Recientemente, en las proximidades de Mazotos, una pequeña población costera del sureste de Chipre, ha aparecido a cuarenta y cinco metros de profundidad el casco de uno de estos barcos y restos de su carga. Los arqueólogos creen que se trata de un buque de la época de Alejandro Magno que transportaba medio millar de ánforas de vino de la isla de Quíos, famosísimo en la antigüedad. Según la leyenda, este vino fue introducido allí por su primer habitante, Inopion, hijo de Dionisos y de Ariadna. Inopion, que nació en Creta, debía ser gran bebedor, pues esto es lo que significa en griego su nombre. La perdida de semejante cantidad de vino debió producir una enorme consternación entre los clientes. Beber agua nunca fue bueno para la salud, pero especialmente en aquellos tiempos insalubres.

¿Cuál era el destino concreto de estas quinientas ánforas de vino? Nadie lo sabe. La investigación acaba de comenzar. Con un poco de suerte puede incluso que bajo la arena se encuentren algunas intactas.

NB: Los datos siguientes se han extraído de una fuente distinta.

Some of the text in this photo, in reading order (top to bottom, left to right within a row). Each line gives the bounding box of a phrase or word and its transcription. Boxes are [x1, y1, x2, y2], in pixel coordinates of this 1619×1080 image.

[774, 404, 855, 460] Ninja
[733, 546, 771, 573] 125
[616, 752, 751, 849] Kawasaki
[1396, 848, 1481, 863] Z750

Ánforas de terracota, ilustradas quizá con adornos geométricos, bellísimas en su pragmática simplicidad. Pero es difícil que el contenido se haya conservado. Si fuera así, si pudiéramos saborear una copa de Quíos y acompañarla, por ejemplo, con unas aceitunas del Ática o unas pasas de Corintio, nos resultaría más fácil entender por qué los antiguos estaban tan seguros de que el vino incita a la verdad y enardece la virtud.